_Task requirements_: Retype the entries exactly, but skip the pictures.

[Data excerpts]
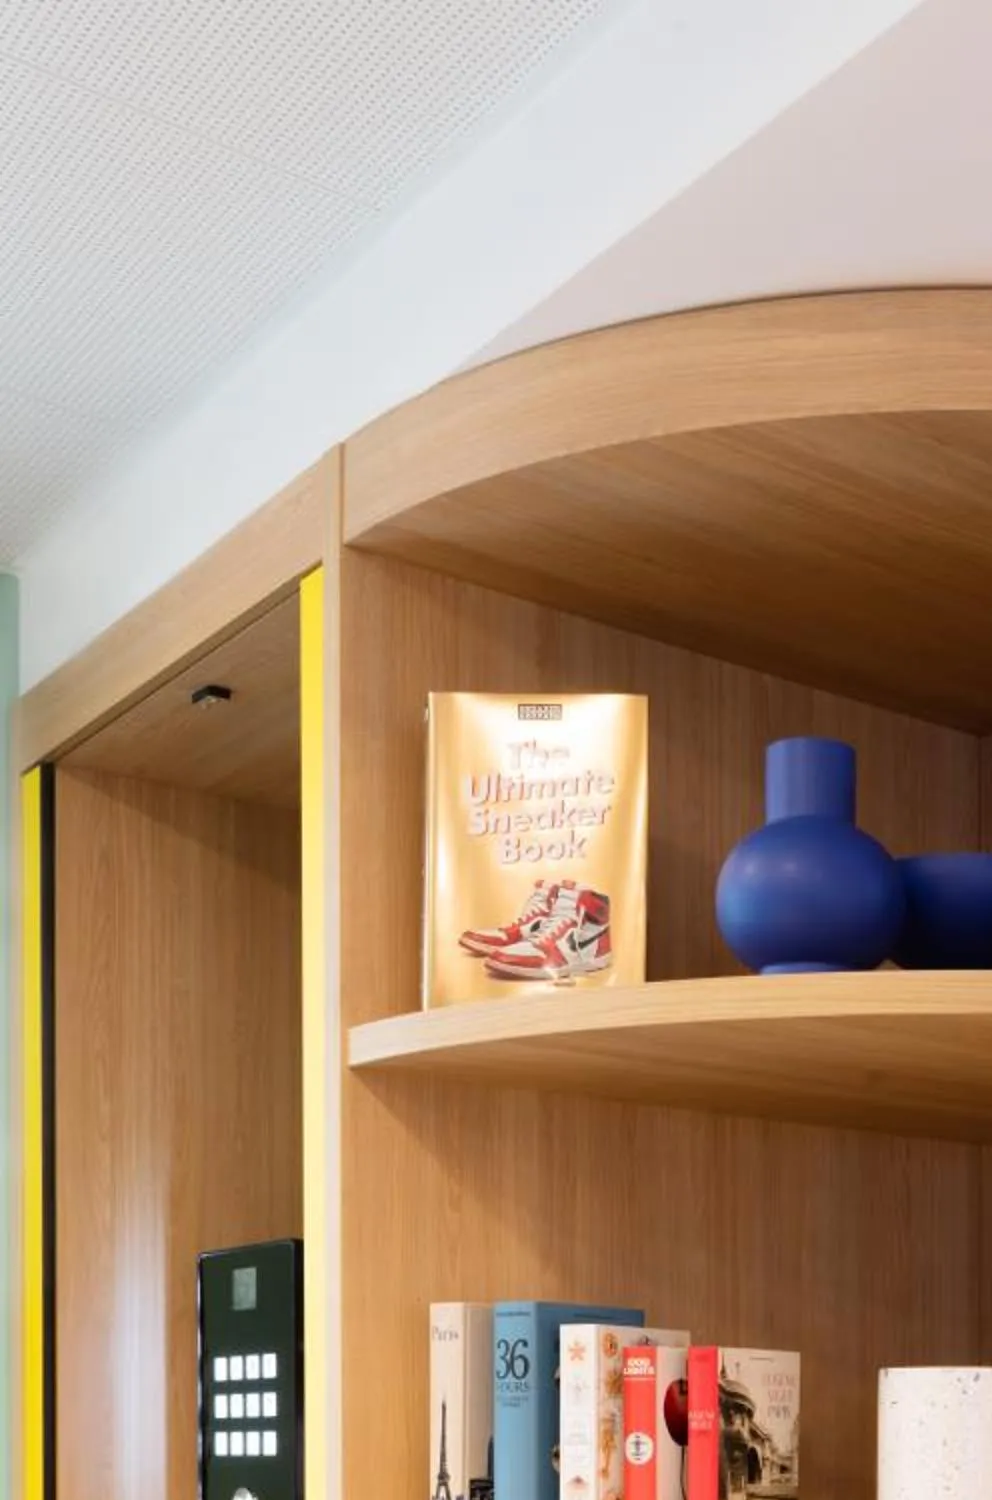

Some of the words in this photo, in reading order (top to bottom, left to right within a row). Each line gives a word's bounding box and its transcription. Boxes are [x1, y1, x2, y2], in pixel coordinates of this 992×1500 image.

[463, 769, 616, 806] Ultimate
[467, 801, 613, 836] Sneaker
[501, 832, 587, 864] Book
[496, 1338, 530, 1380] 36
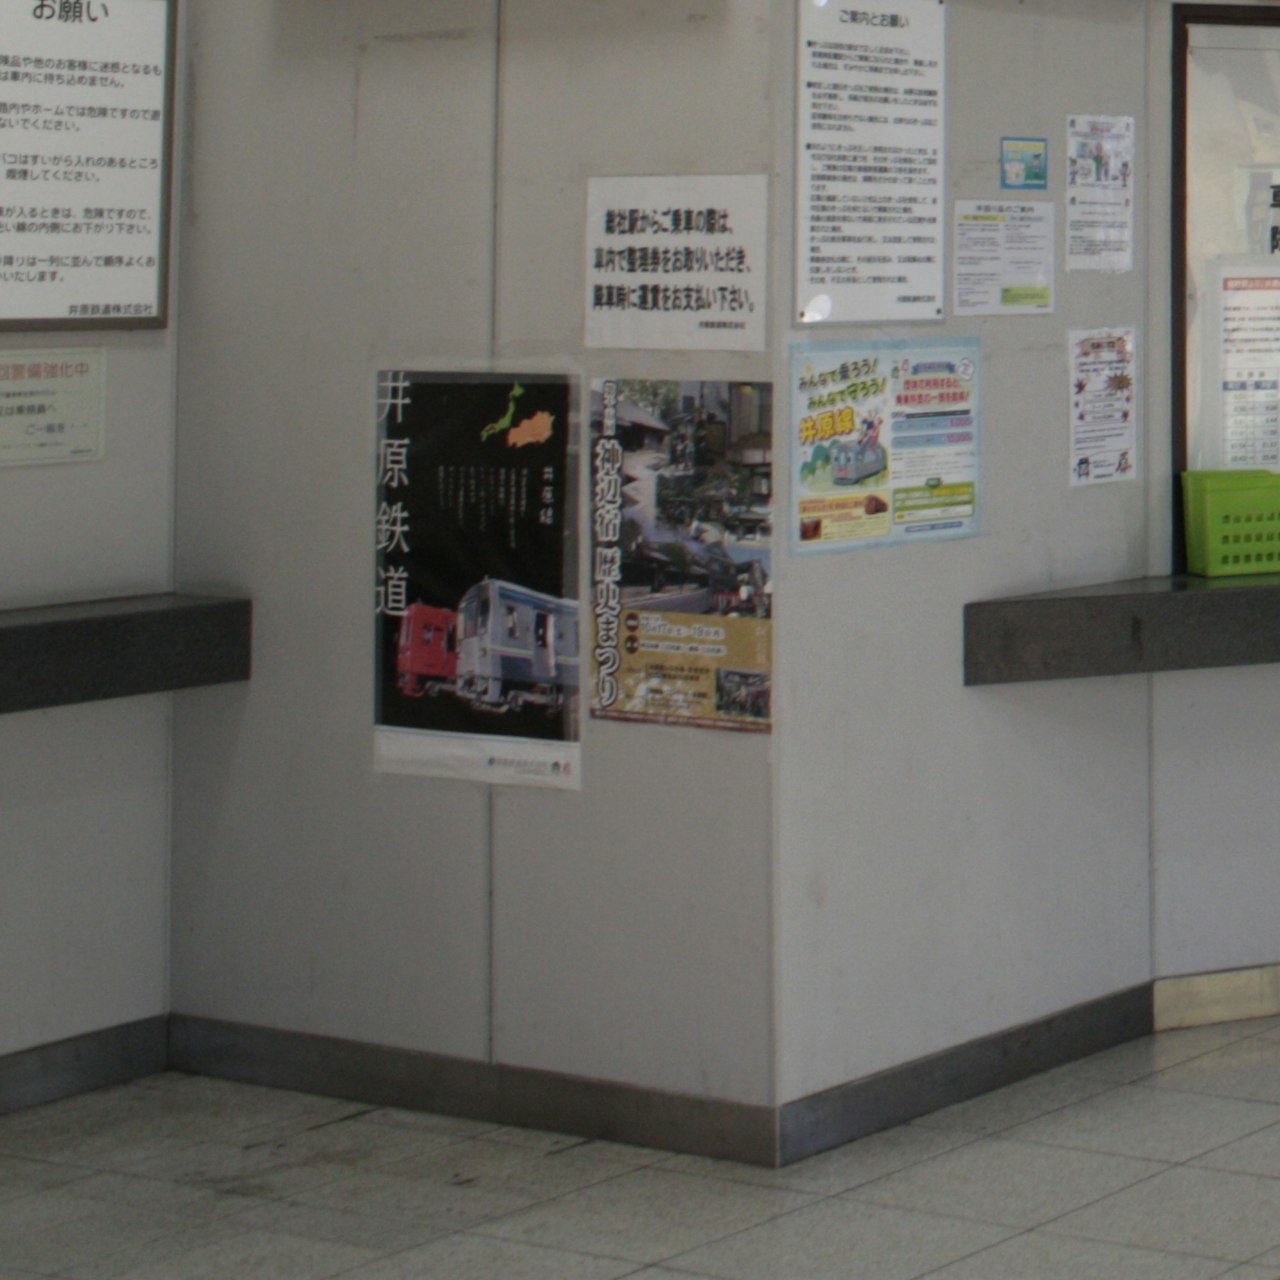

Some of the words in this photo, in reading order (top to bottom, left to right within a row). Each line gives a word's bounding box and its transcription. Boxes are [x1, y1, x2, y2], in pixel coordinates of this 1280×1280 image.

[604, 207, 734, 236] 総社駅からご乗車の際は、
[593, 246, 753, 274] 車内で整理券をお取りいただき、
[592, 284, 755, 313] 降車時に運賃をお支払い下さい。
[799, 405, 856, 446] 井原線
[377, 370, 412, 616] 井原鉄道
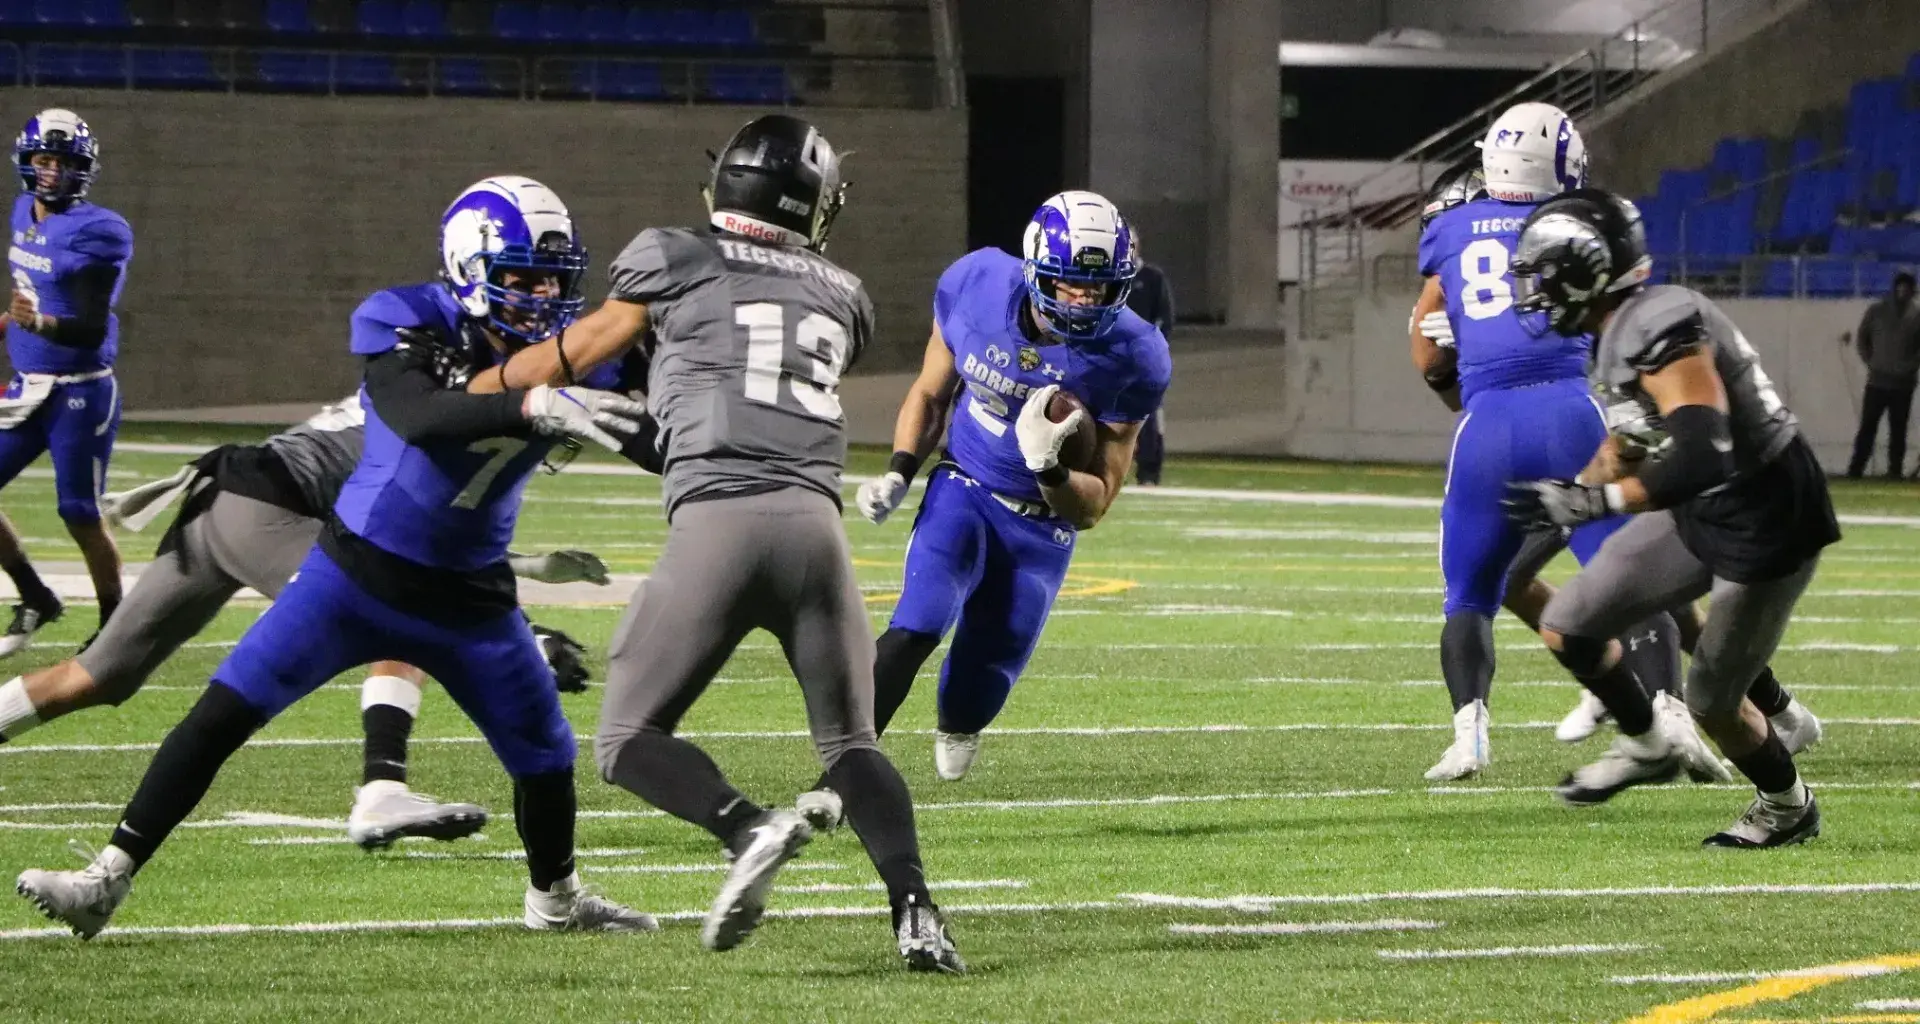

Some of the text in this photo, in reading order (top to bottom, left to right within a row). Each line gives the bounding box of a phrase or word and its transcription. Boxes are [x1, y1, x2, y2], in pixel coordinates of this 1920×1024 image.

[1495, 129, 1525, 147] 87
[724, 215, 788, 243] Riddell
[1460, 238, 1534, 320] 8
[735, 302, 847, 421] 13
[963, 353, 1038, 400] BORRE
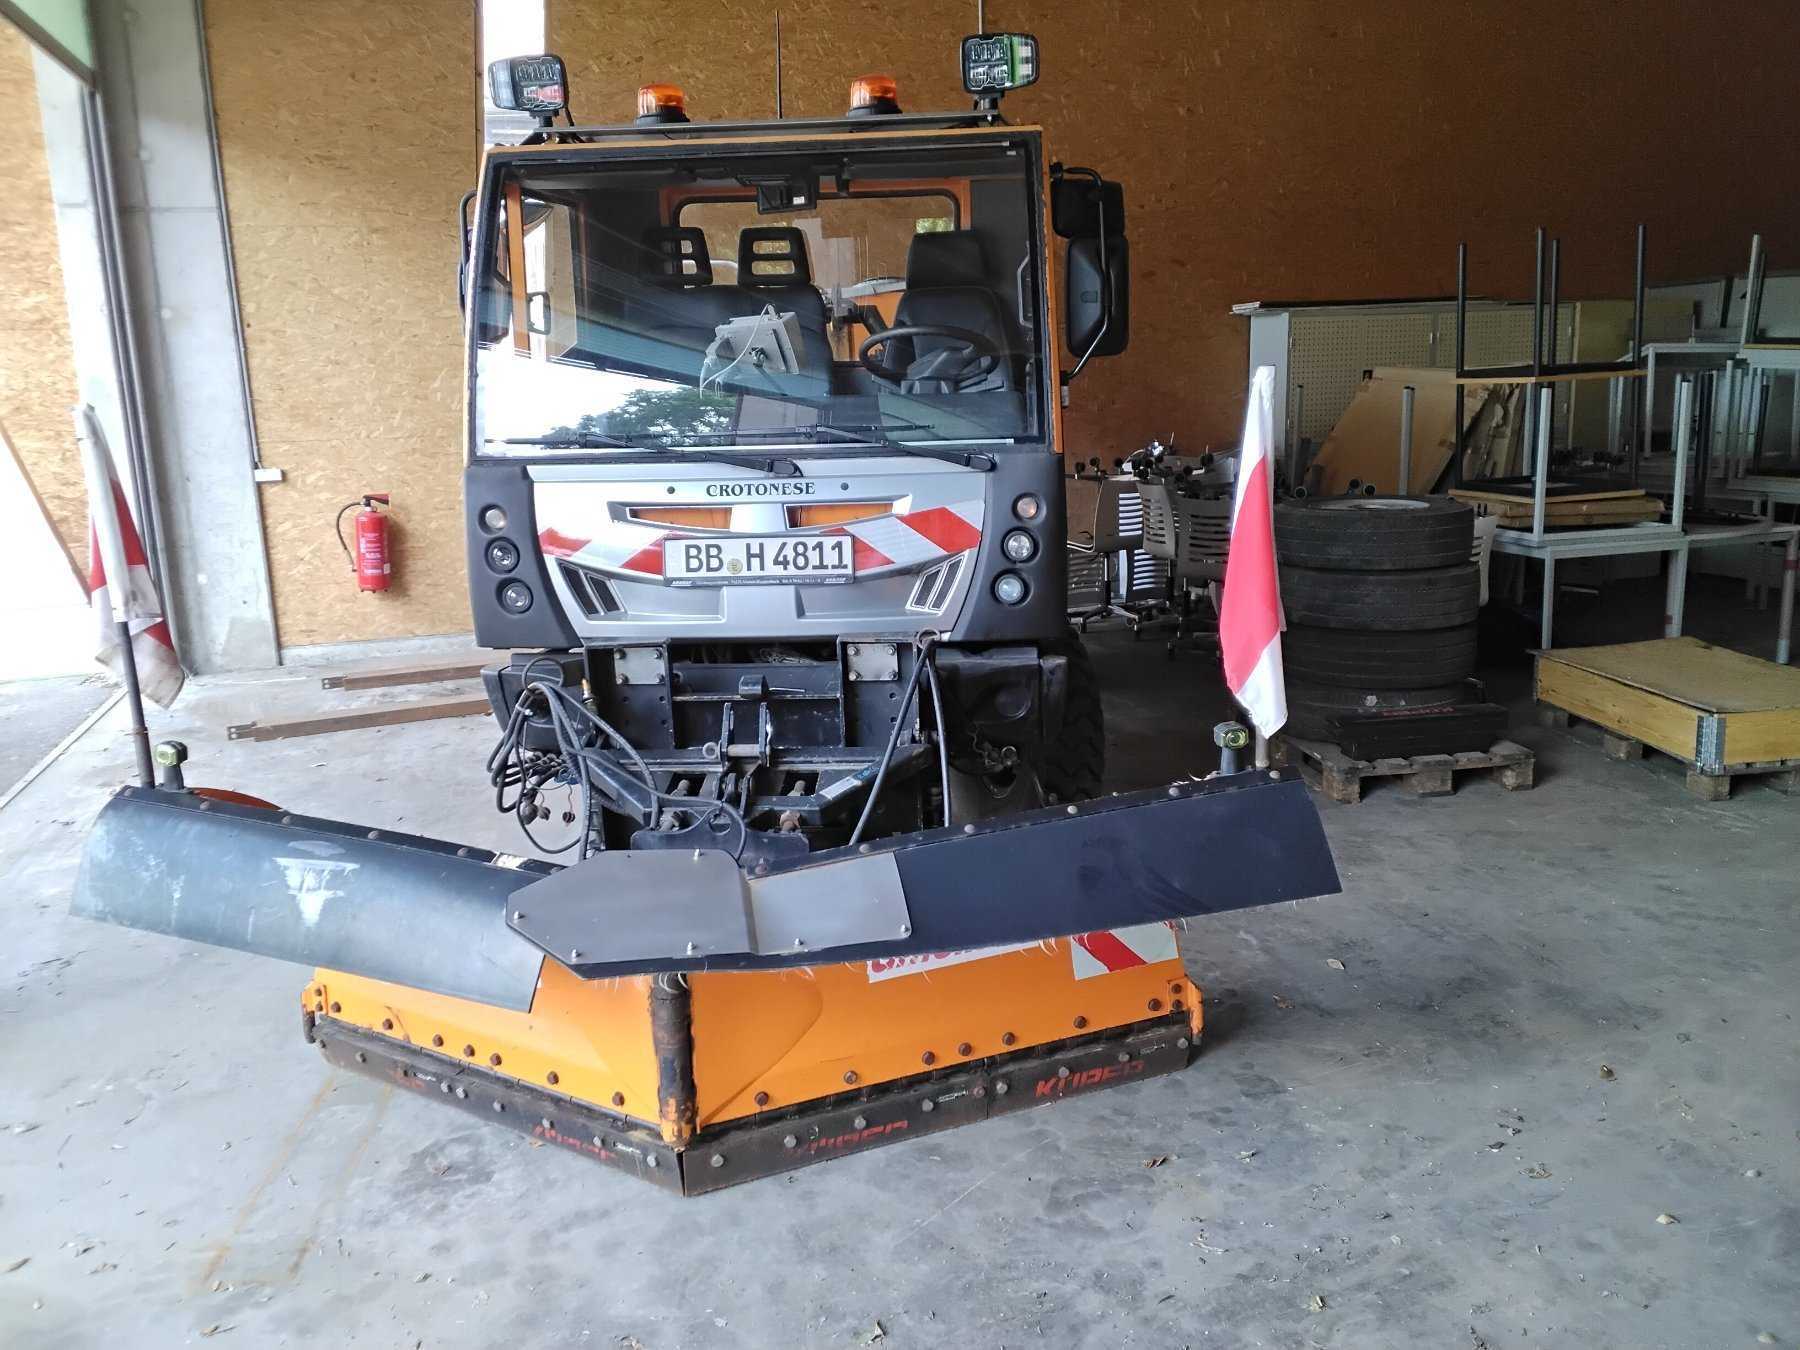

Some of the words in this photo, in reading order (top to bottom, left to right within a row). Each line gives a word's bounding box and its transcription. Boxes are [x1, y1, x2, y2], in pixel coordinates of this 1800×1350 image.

_Written solution_:
Some of the words in this photo, in reading order (top to bottom, left to right within a row). Each line gives a word's bounding box and its transcription. Boxes are [x1, y1, x2, y2], in pixel coordinates of this 992×1500 image.

[463, 769, 616, 806] Ultimate
[467, 801, 613, 836] Sneaker
[501, 832, 587, 864] Book
[496, 1338, 530, 1380] 36

Some of the words in this photo, in reading order (top to bottom, left to right within a row). Each line gives a word's bounding box and its transcription. Boxes are [x1, y1, x2, y2], in pixel coordinates of this 1280×1280 image.

[604, 207, 734, 236] 総社駅からご乗車の際は、
[593, 246, 753, 274] 車内で整理券をお取りいただき、
[592, 284, 755, 313] 降車時に運賃をお支払い下さい。
[799, 405, 856, 446] 井原線
[377, 370, 412, 616] 井原鉄道

Some of the text in this photo, in reading order (top to bottom, left to right within a row). Each line gives the bounding box of a phrase or word and its transcription. Boxes are [x1, y1, x2, y2], in pixel coordinates of this 1920×1024 image.

[1495, 129, 1525, 147] 87
[724, 215, 788, 243] Riddell
[1460, 238, 1534, 320] 8
[735, 302, 847, 421] 13
[963, 353, 1038, 400] BORRE

Some of the words in this photo, in reading order (top to bottom, left to right within a row). Each line gives a word's bounding box and its transcription. Boxes are [x1, y1, x2, y2], in pixel coordinates of this 1800×1350 image.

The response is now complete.